Como señala la Sentencia de AP de Madrid, secc 10ªde 27 de noviembre de 2013 (ROJ SAP M 22052/2013 ), reiterada en sentencias de esta sala como nuestra sentencia de 15 de mayo de 2019(rollo 2066/20018 ): 'El análisis mismo y la verificación de la actividad probatoria desplegada y de su valoración forma parte indisociable de la propia función revisora que el recurso de apelación está llamado a desempeñar. Como recurso ordinario, permite una irrestricta observación y, en su caso, censura, de lo actuado y decidido en el proceso, sin que, por lo mismo, se encuentren limitadas las facultades del órgano de segundo grado para conocer de la totalidad de la actividad desarrollada por el órgano judicial ante quien se ha sustanciado el primero...Y ello con independencia de que el recurso se proponga, esencialmente, anteponer el resultado de unos medios de prueba sobre otros para alcanzar un resultado más favorable a los particulares intereses de la parte recurrente, en contra del criterio más objetivo y desinteresado del órgano jurisdiccional....; señaladamente cuando la sentencia se funda en una apreciación conjunta de la prueba con atención a determinados medios en relación con lo arrojado por otros y se formula un motivo específicamente orientado a desarticular esa apreciación combinada'.

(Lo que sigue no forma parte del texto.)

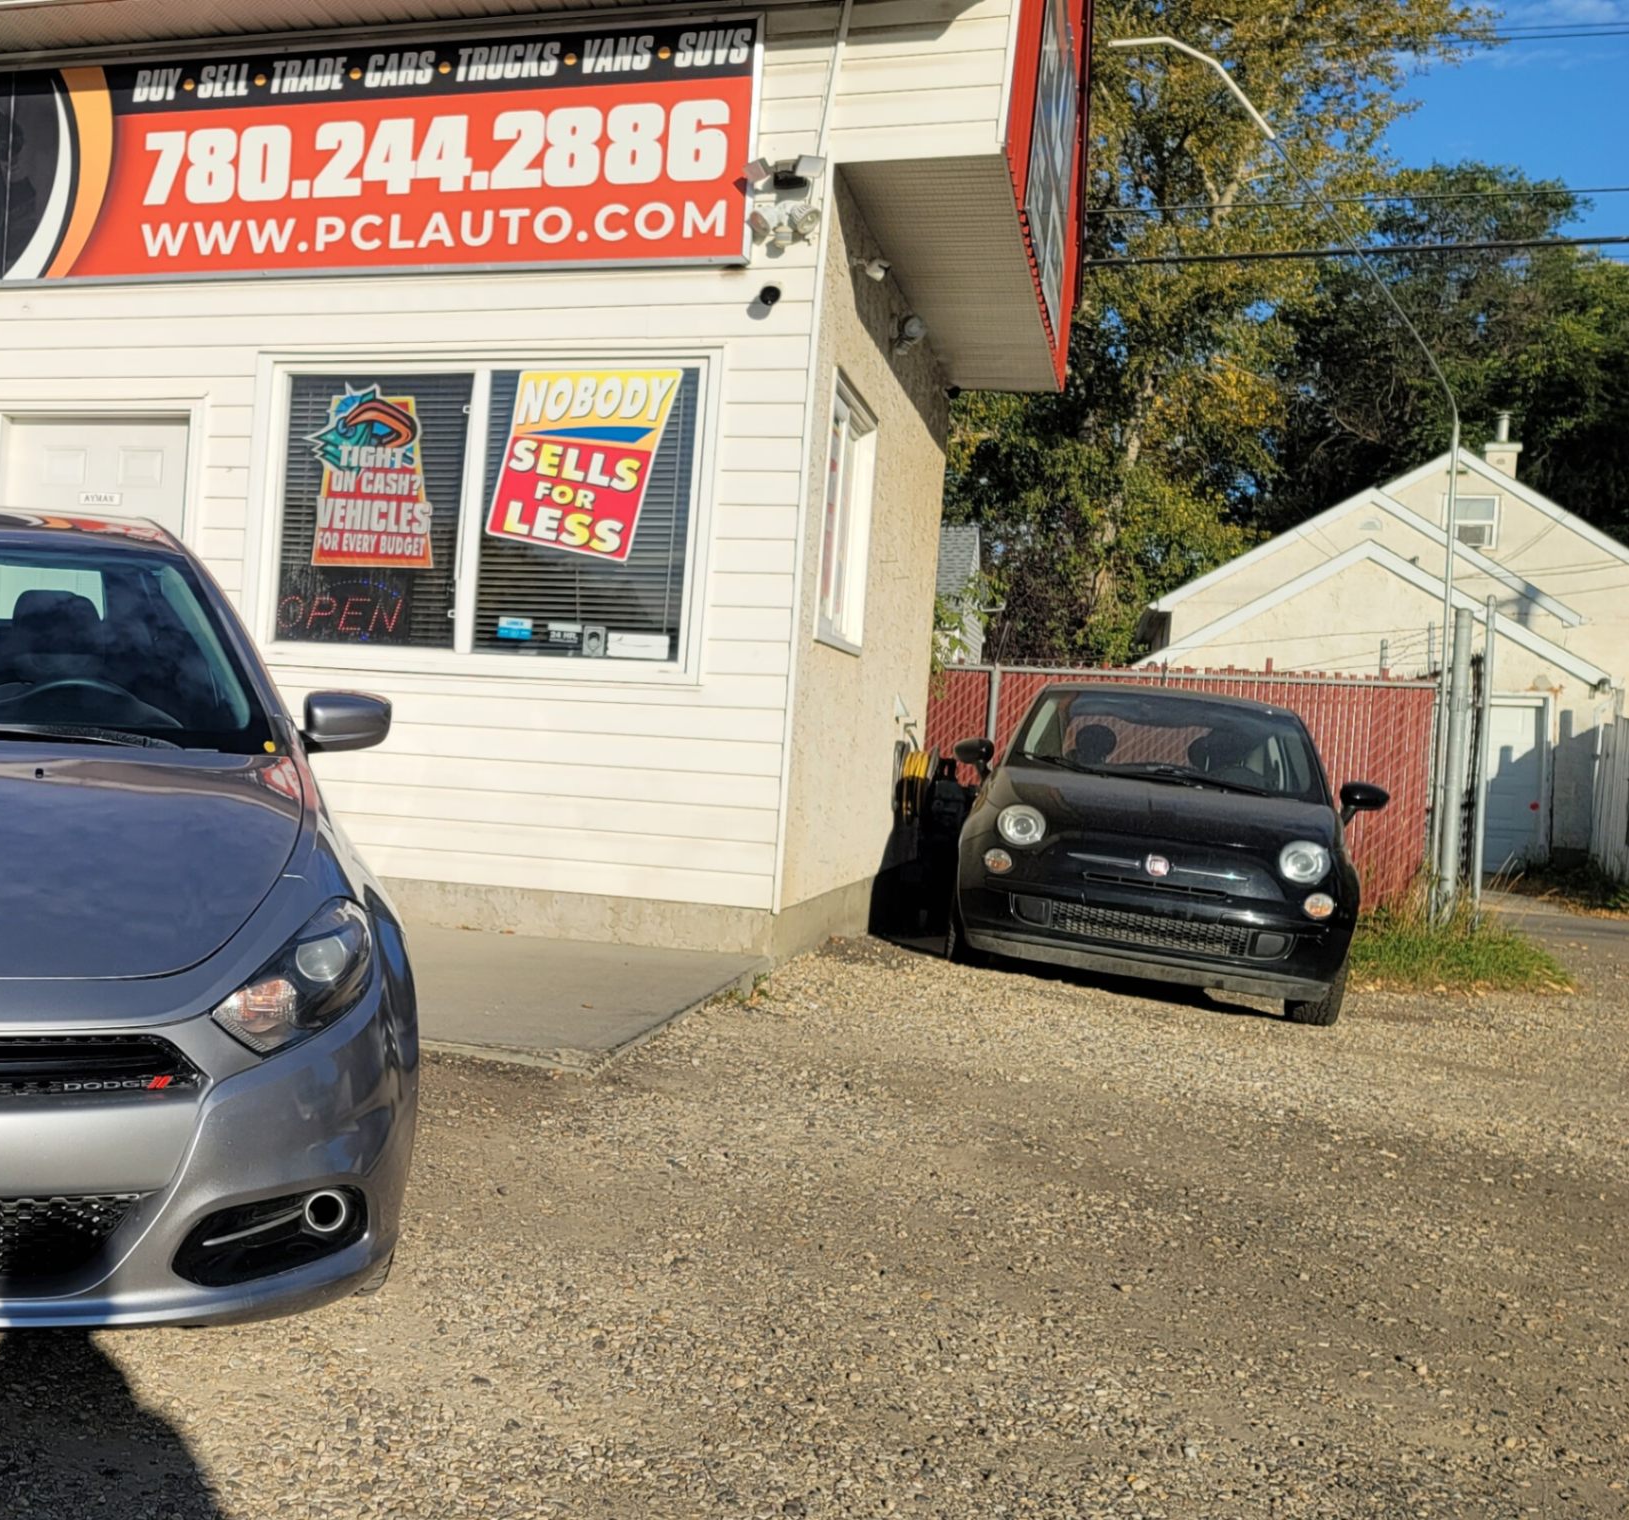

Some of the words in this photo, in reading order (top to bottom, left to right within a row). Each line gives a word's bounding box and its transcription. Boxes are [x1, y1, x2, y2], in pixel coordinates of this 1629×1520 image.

[132, 68, 182, 103] BUY
[197, 63, 249, 99] SELL
[270, 56, 348, 94] TRADE
[364, 50, 436, 88] CARS
[455, 41, 561, 82] TRUCKS
[582, 35, 654, 74] VANS
[674, 28, 753, 68] SUVS
[142, 98, 731, 206] 780.244.2886
[140, 199, 727, 258] WWW.PCLAUTO.COM
[517, 376, 676, 425] NOBODY
[338, 444, 405, 469] TIGHT
[508, 439, 642, 492] SELLS
[331, 470, 357, 493] ON
[361, 471, 421, 496] CASH?
[534, 480, 596, 511] FOR
[316, 496, 432, 535] VEHICLES
[503, 500, 624, 553] LESS
[318, 531, 340, 551] FOR
[342, 533, 378, 553] EVERY
[379, 535, 426, 557] BUDGET
[276, 595, 404, 633] OPEN
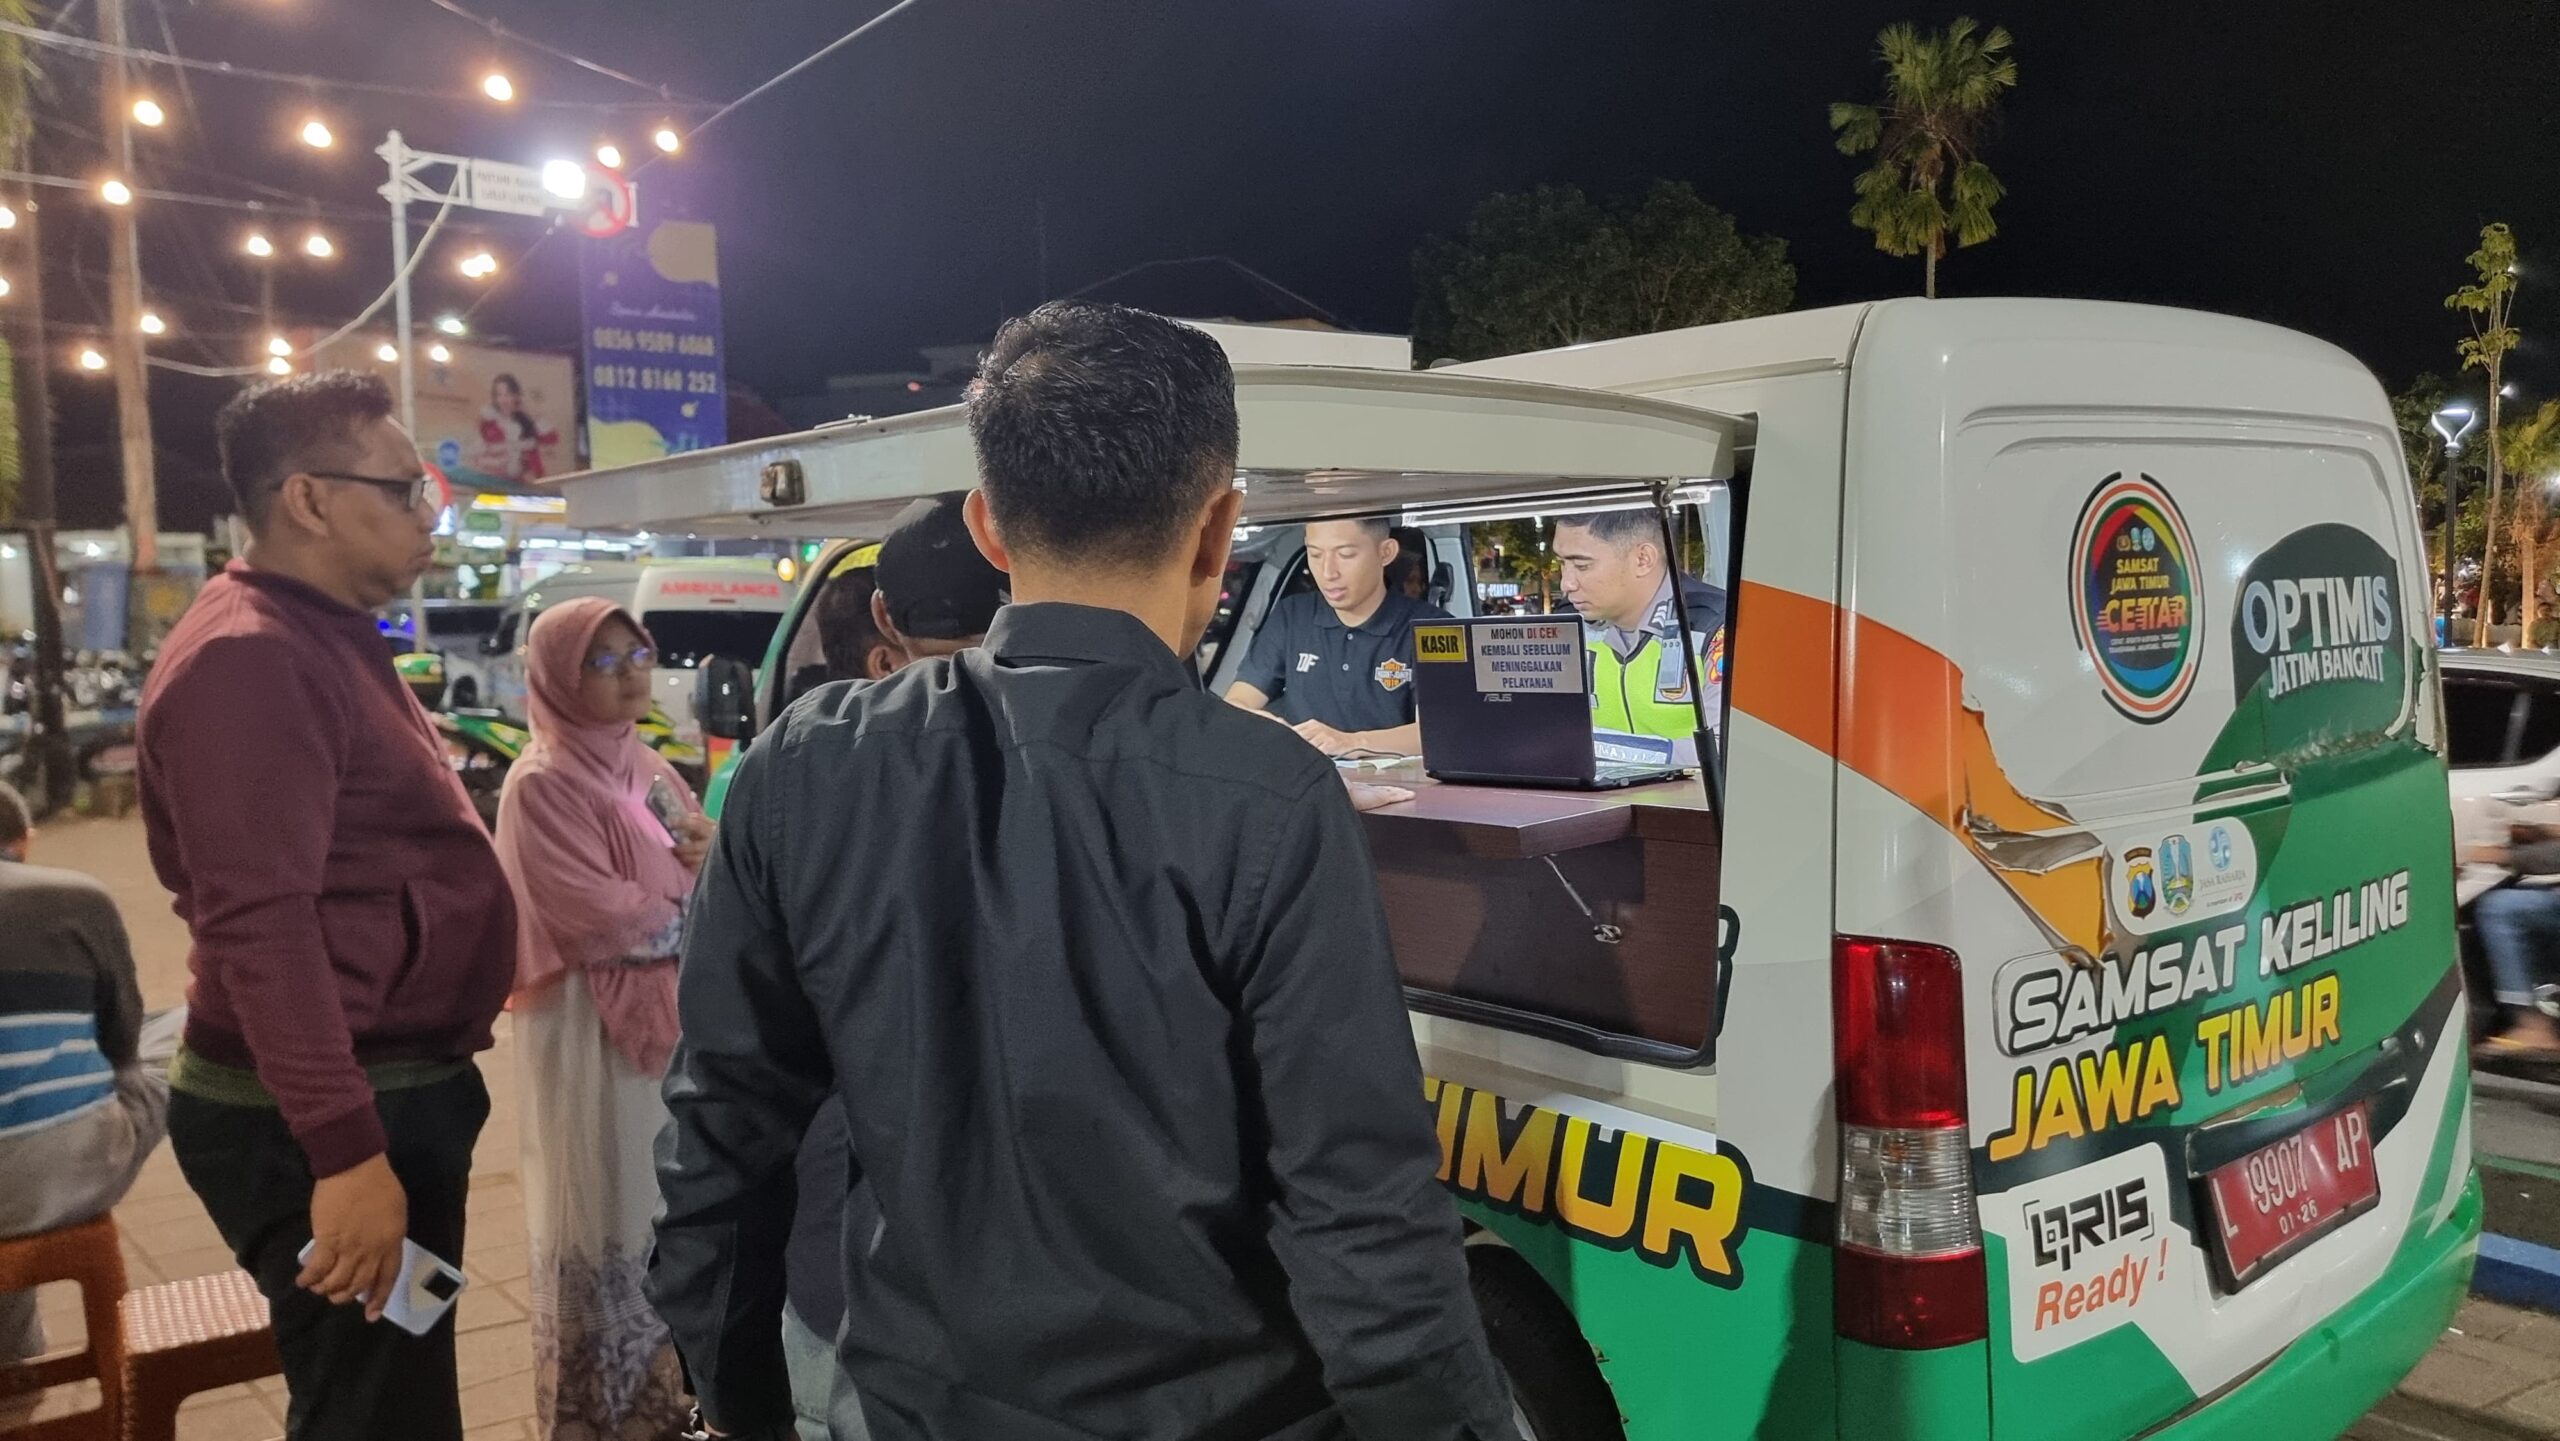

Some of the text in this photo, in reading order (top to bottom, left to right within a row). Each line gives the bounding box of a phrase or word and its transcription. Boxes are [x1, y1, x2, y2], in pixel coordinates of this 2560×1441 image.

[2116, 557, 2159, 574] SAMSAT
[660, 582, 782, 598] AMBULANCE
[2110, 575, 2170, 595] JAWA TIMUR
[2242, 575, 2392, 654] OPTIMIS
[1491, 627, 1558, 640] MOHON DI CEK
[1421, 635, 1459, 653] KASIR
[1481, 643, 1571, 656] KEMBALI SEBELLUM
[1491, 660, 1562, 672] MENINGGALKAN
[2268, 645, 2384, 699] JATIM BANGKIT
[1502, 677, 1553, 689] PELAYANAN
[1483, 693, 1512, 702] ASUS
[2011, 870, 2408, 1051] SAMSAT KELILING
[1988, 974, 2340, 1162] JAWA TIMUR
[1424, 1077, 1742, 1275] IMUR
[2212, 1111, 2363, 1238] L 9907 AP
[2029, 1176, 2151, 1272] QRIS
[2034, 1253, 2150, 1331] Ready
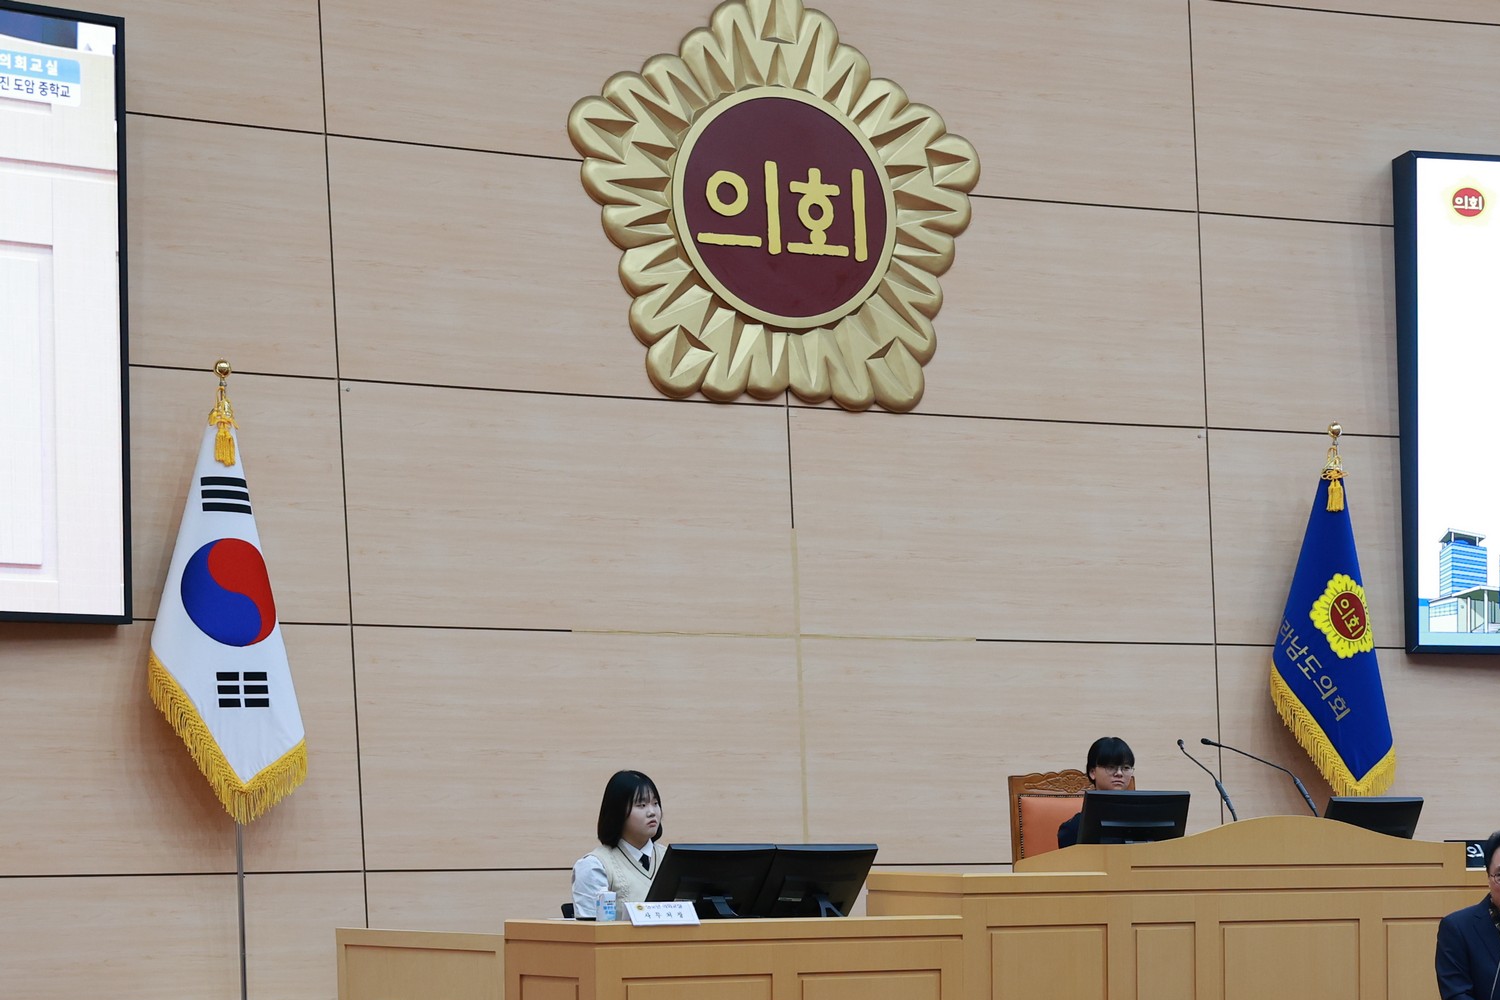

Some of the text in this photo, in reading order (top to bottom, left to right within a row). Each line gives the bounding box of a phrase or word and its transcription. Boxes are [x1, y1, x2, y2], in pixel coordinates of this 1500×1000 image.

[0, 53, 58, 76] 의회교실
[14, 78, 35, 94] 도암
[39, 81, 71, 98] 중학교
[697, 160, 868, 262] 의회
[1453, 195, 1483, 210] 의회
[1333, 598, 1364, 637] 의회

En conclusión, en esta instancia haremos una valoración de la prueba desplegada por las partes, que se ha limitado a prueba documental.

2.- Orden de los motivos del recurso de apelación.

Con carácter previo a entrar a resolver los concretos motivos de apelación formulados por la parte apelante, debemos adelantar que no seguiremos el orden expuesto en el recurso para la mejor comprensión sistemática y lógica de esta sentencia.

Así, la prescripción de la acción se plantea como quinto motivo del recurso y, sin embargo, debe ser analizada en primer lugar, pues su estimación haría innecesario entrar a valorar los demás motivos y llevaría a la desestimación íntegra de la demanda. Por ello ya adelantamos que, en primer lugar, analizaremos dicho motivo.

Por otro lado, aunque la parte actora enumera hasta 7 motivos de apelación, en realidad nos encontramos ante argumentos reiterativos, de forma que la parte recurrente plantea su recurso en torno a cuatro motivos que repite continuamente con distinta redacción, al margen de la prescripción.

En primer lugar, impugna la valoración de la prueba documental realizada en primera instancia. En esencia, considera que la prueba documental aportada por la parte actora no acredita los hechos que componen el supuesto de hecho del art. 367LSC -entre ellos, y nombrado varias veces, considera que no se acredita la existencia de la deuda-y que, por ello, no se puede deducir la responsabilidad solidaria del demandado; que los documentos aportados fueron impugnados y la parte demandada no ha aportado nueva prueba; que sólo se han aportado los pagarés y no se trata de documentos acreditativos de la deuda.

En segundo lugar, niega que el proceso cambiario pueda tener efectos prejudiciales de cosa juzgada con cita de los arts. 222 y 827LEC; que la parte actora ni siquiera alegó la cosa juzgada; que dicho procedimiento sólo fue incoado y nunca se ha requerido de pago a su sociedad; que concurre mala fe de la actora porque ha tardado casi 8 años en reclamarle cuando en este procedimiento ha podido notificarle sin problema; que existen vacilaciones del íter del proceso cambiario y ello perjudica a la parte actora; y en relación a ésto añade que el retraso en el cobro de los pagarés da lugar a que estén perjudicados en contra del acreedor, denominándolos efectos comerciales respecto la prueba de la obligación subyacente.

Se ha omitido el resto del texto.